Tasks completed in weeks 7 to 8

Explored and implemented degree based graph partitioning.
Implemented Batch Priority Queue.
Improved Prim’s Minimum Spanning Tree implementation.
Improved Dijkstra’s Single Source Shortest Path implementation.

Details

1. Degree based Graph Partitioning

As explained in the post titled “Weeks 5 to 6”, I found that Parallel Pagerank had an improvement in performance by partitioning the vertices and assigning it to a processor in an attempt to balance the number of edges assigned to each processor. To avoid race condition, no two processors could be assigned edges that have the same destination vertex.

By balance, we mean to minimise that largest partition.

I restricted the partitioning to contiguous partitions because the partitions can be expressed as integer ranges instead of arrays that contain a total of |V| integers.

I had used a simple greedy heuristic to partition the edges.

The code is of the form:

function greedy_partition(degree_list::Vector{Integer}, num_part::Int)
    num = length(degree_list)
    suffix_sum = [sum(degree_list[i:num]) for i in 1:(num+1)]
    
    left = 1
    for part_remain in reverse(1:(num_part-1))
        right = left
        
        part_size = 0
        current_balance = max(part_size, suffix_sum[right+1]/part_remain)
        
        next_part_size = degree_list[right+1]
        next_balance = max(next_part_size, suffix_sum[right+2]/part_remain)

        while current_balance >= next_balance && right+1 < num
            partition_size = next_part_size
            current_balance = next_balance

            right += 1
            next_part_size += degree_list[right+1]
            next_balance = max(next_part_size, suffix_sum[right+2]/part_remain)
        end
        push!(partitions, left:right)
        left = right + 1
    end
    push!(partitions, left:num)

    return partitions
end

The code simply finds right such that:

max(sum(degree_list[left:right]), sum(degree_list[right+1:n])/partitions_remain)

is minimised.

I then wrote a simple code to find the optimal partition using binary search. The basic idea is you can check if it is possible to partition the vertices such that no partition has weight more than M in a single iteration of the vertices.
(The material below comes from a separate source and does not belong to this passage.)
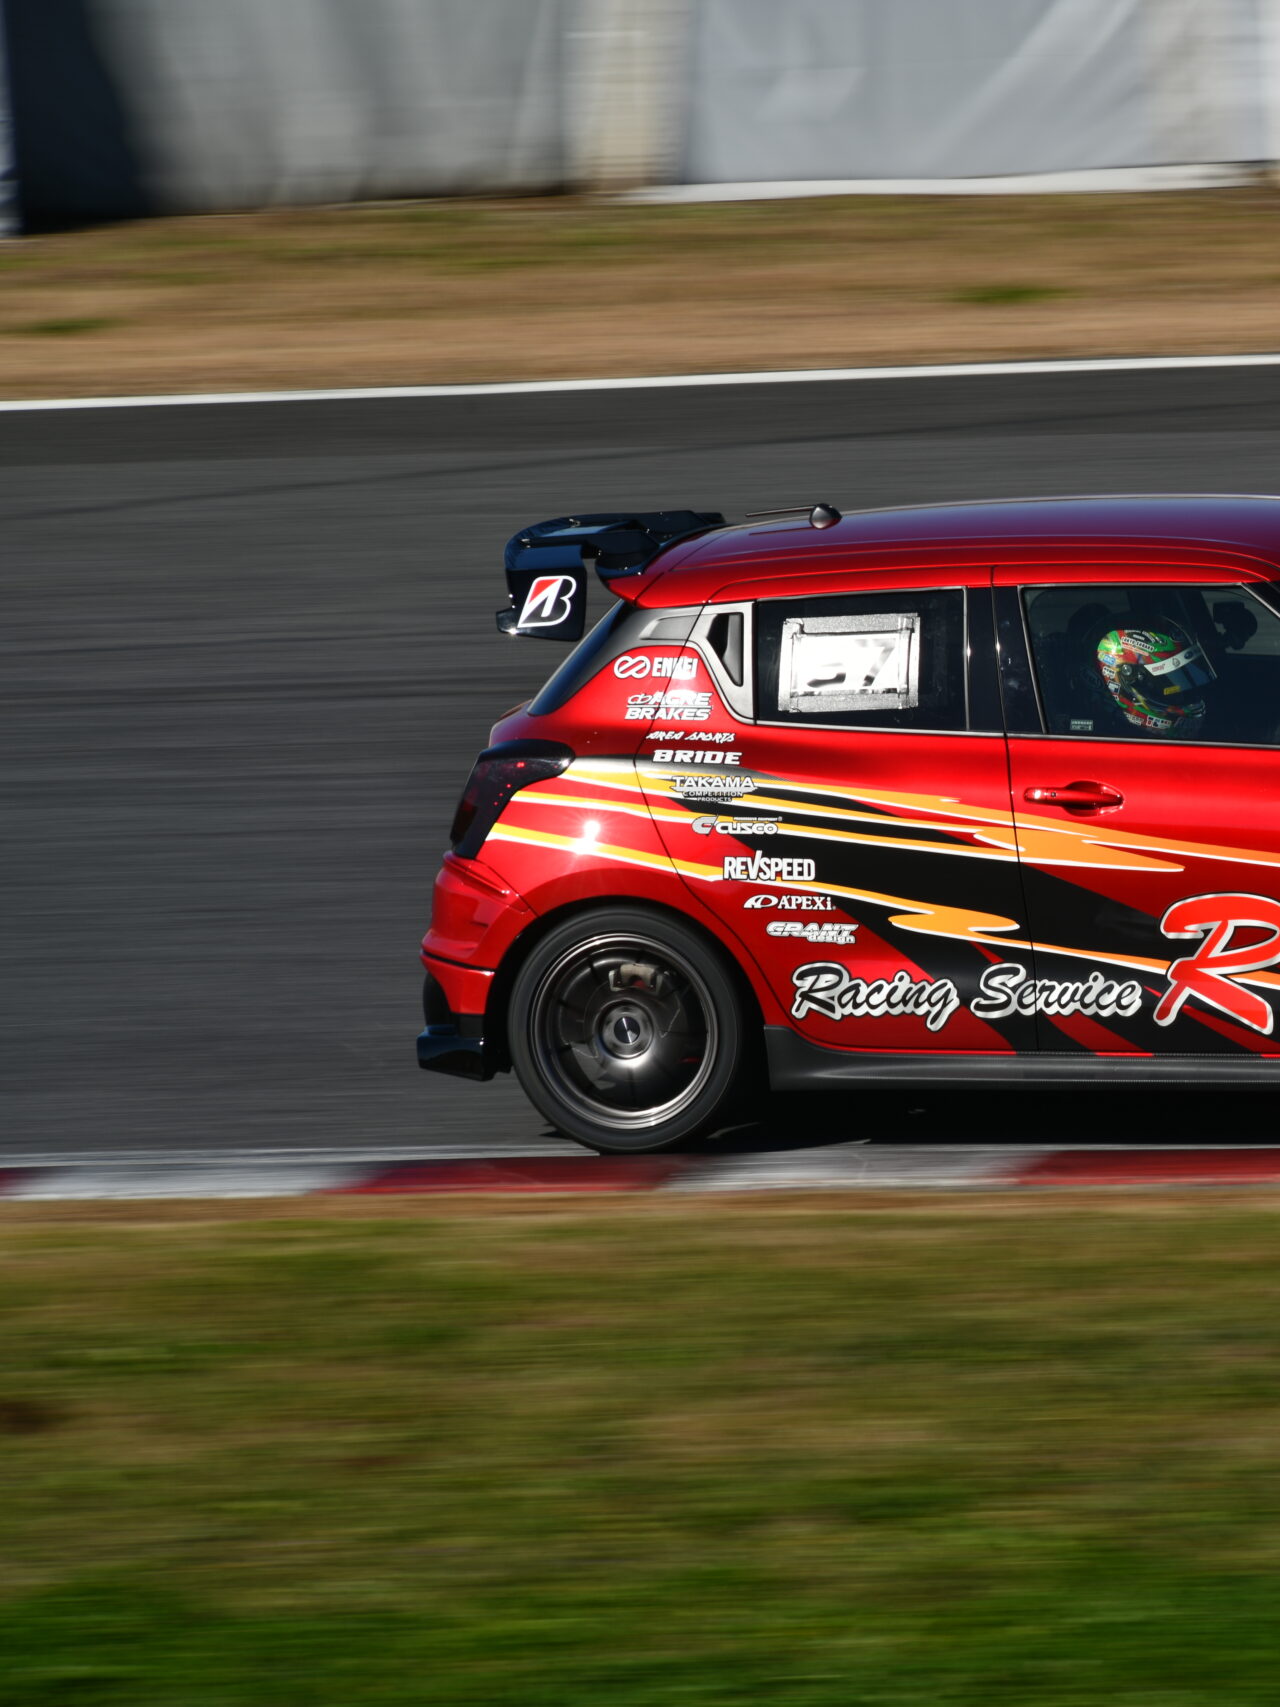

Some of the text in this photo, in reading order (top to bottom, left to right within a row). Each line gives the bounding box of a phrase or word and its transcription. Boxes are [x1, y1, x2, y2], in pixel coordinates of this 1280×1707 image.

function binary_search_it(degree_list::Vector{Int}, num_part, M)
    possible = true

    sum_part = 0
    remain_part = num_part
    for w in degree_list
        sum_part += w
        if sum_part > M #Transfer to next partition.
            sum_part = w
            remain_part -= 1
            if remain_part == 0 # No more partition exists to transfer to.
                possible = false
                break
            end
        end
    end
    return possible
end

up_bound can be set to sum(degree_list).

low_bound can be set to fld(sum(degree_list), num_part).

Each iteration requires O(|V|) time.

The binary search will require log(sum(degree_list)) = log(|E|)+1 iterations.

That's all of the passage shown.